Figure 2: (Left) Difficulty of the Gistify task as a function of execution trace complexity. (Right) Performance comparison of static and agentic coding LLMs, showing agentic models outperform static ones even when the latter receive all relevant files.
Error Analysis
A detailed error analysis reveals that different models fail for different reasons:
- File Creation Failure: Model fails to generate any gistified file, often due to exceeding step limits.
- Missing Test Function: The gistified file omits or restructures the required test function, a common failure mode for GPT-5 variants.
- Import Errors: Incorrectly importing from the original repository instead of inlining code.
- Pytest Runtime Errors: Failures during execution due to syntax or fixture errors, most common for Claude-4.
A strong correlation is observed between the fidelity of the test function in the gistified file and overall execution fidelity (correlation=0.76, p=0.01). Providing the correct test function in the prompt significantly boosts both test F1 score and execution fidelity, highlighting the importance of faithfully preserving the test logic.
Prompt-based strategies (explicit tracing or recursive reading) and the use of global information tools (e.g., RepoGraph, gold execution traces) both improve performance. Access to gold tracing information yields the largest gains, indicating that global context is critical for runtime reasoning.
Interestingly, restricting execution tools to only the gistified file (Edit and Execute) outperforms unrestricted bash access, as the latter leads to longer, less focused agent trajectories and more frequent step limit terminations.
Tests with longer and more complex execution traces are significantly harder to gistify, with performance dropping from 43% to 21% on a hard subset. This suggests that Gistify can be tuned to create challenging evaluation scenarios by selecting for high-coverage tests.
Static coding LLMs, even when provided with all relevant files, are outperformed by agentic models. This demonstrates the importance of dynamic, multi-step reasoning and file selection over simply increasing context size.
Implications and Future Directions
Gistify exposes fundamental limitations in current LLMs' ability to reason over large codebases and accurately model runtime execution.
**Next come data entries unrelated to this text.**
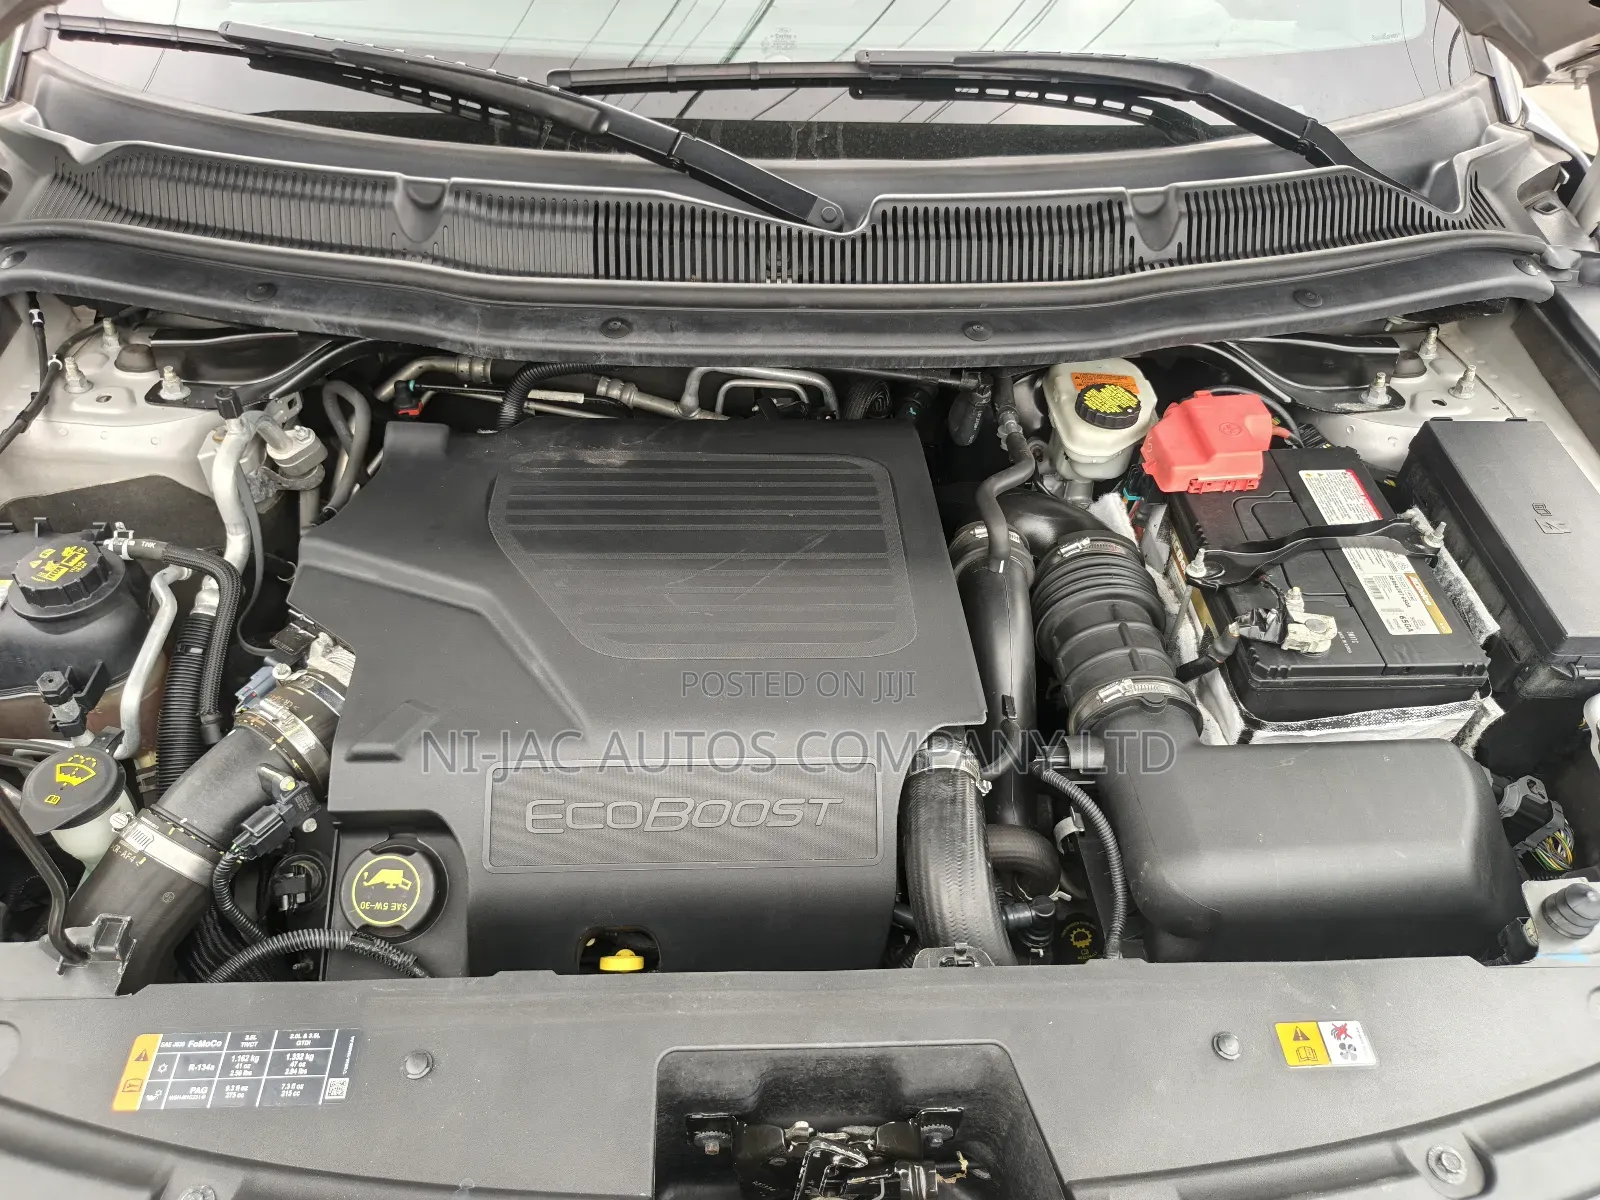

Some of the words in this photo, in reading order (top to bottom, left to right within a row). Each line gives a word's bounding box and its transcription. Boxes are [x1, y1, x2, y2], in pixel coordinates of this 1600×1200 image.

[1399, 615, 1414, 632] 65GA
[360, 901, 389, 910] 5W-30
[390, 902, 408, 911] SAE
[187, 1039, 223, 1048] FoMoCo
[250, 1054, 260, 1063] kg
[286, 1053, 304, 1061] 1.332
[304, 1052, 315, 1061] kg
[187, 1063, 215, 1071] R-134a
[189, 1086, 208, 1094] PAG
The task's design—requiring minimal, self-contained, and faithful code extraction—prevents shortcut solutions and directly tests codebase-level understanding.
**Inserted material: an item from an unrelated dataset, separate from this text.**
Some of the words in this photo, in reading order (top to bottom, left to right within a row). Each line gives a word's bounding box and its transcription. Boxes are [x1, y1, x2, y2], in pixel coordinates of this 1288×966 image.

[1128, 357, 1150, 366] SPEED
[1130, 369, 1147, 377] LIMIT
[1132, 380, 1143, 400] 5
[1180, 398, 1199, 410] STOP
The practical implications are significant: gistified files can serve as valuable artifacts for debugging, error localization, refactoring, and code review. By distilling complex functionality into a compact, executable form, they facilitate both automated and human understanding of large systems.
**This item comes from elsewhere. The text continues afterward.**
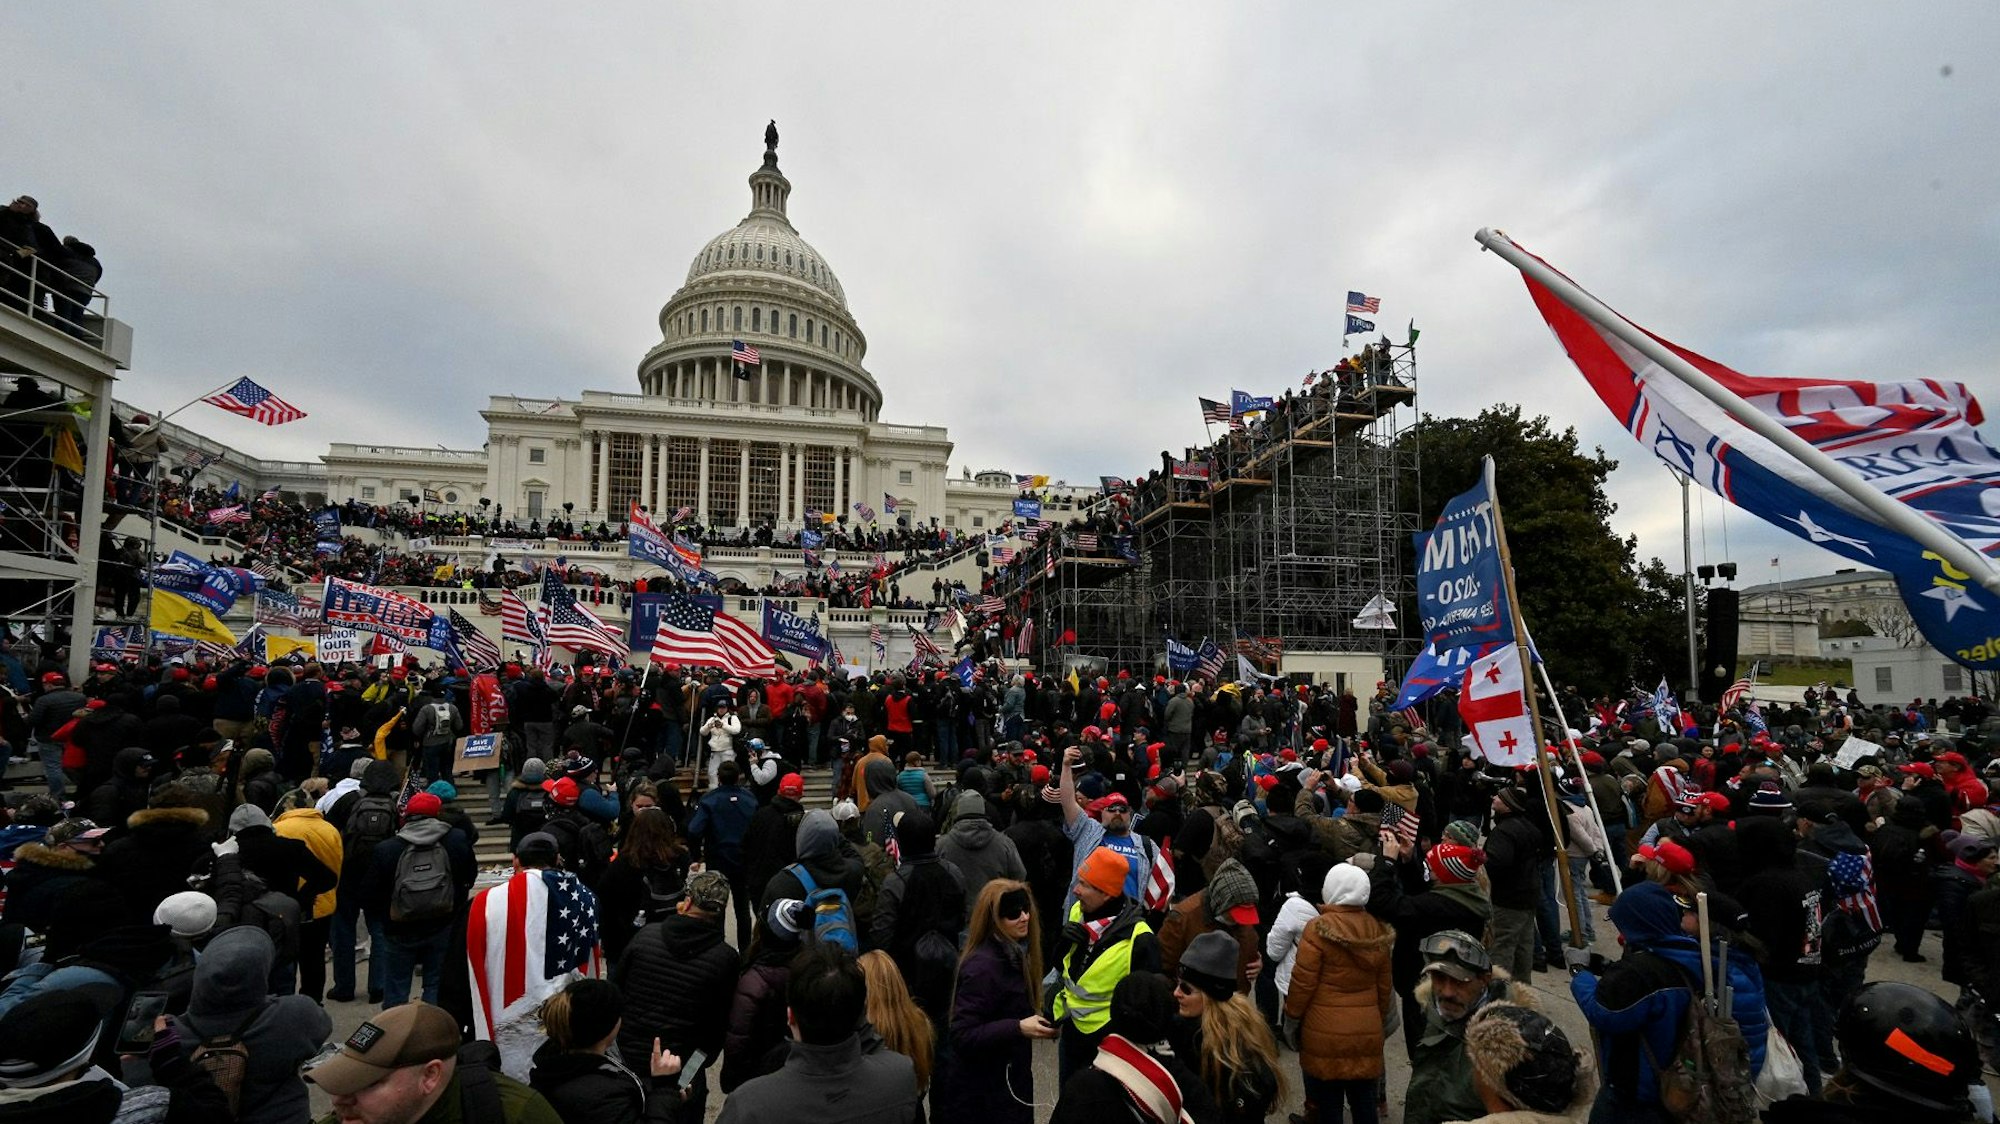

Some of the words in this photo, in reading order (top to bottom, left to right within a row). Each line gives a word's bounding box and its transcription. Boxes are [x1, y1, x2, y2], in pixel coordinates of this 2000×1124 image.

[324, 640, 350, 650] OUR
[322, 652, 355, 661] VOTE
[472, 738, 488, 746] SAVE
[465, 744, 492, 753] AMERICA
Theoretically, Gistify motivates research into more effective agentic strategies, improved use of runtime feedback, and better integration of global code context. Future developments may include:
- Enhanced agentic frameworks with more sophisticated planning and state tracking.
- Training paradigms that incorporate execution traces and code coverage signals.
- Methods for scalable codebase summarization and modularization.
- Benchmarks that further stress-test codebase-level reasoning by increasing execution trace complexity or introducing adversarial code structures.
Conclusion
Gistify establishes a rigorous, execution-driven benchmark for codebase-level understanding, revealing that even the strongest LLMs and agentic frameworks struggle with tasks requiring deep reasoning over runtime behavior and inter-file dependencies. The task's minimal, self-contained outputs are not only challenging to produce but also valuable for downstream applications. Progress on Gistify will require advances in agentic reasoning, tool integration, and execution-aware modeling, making it a meaningful target for future research in code intelligence.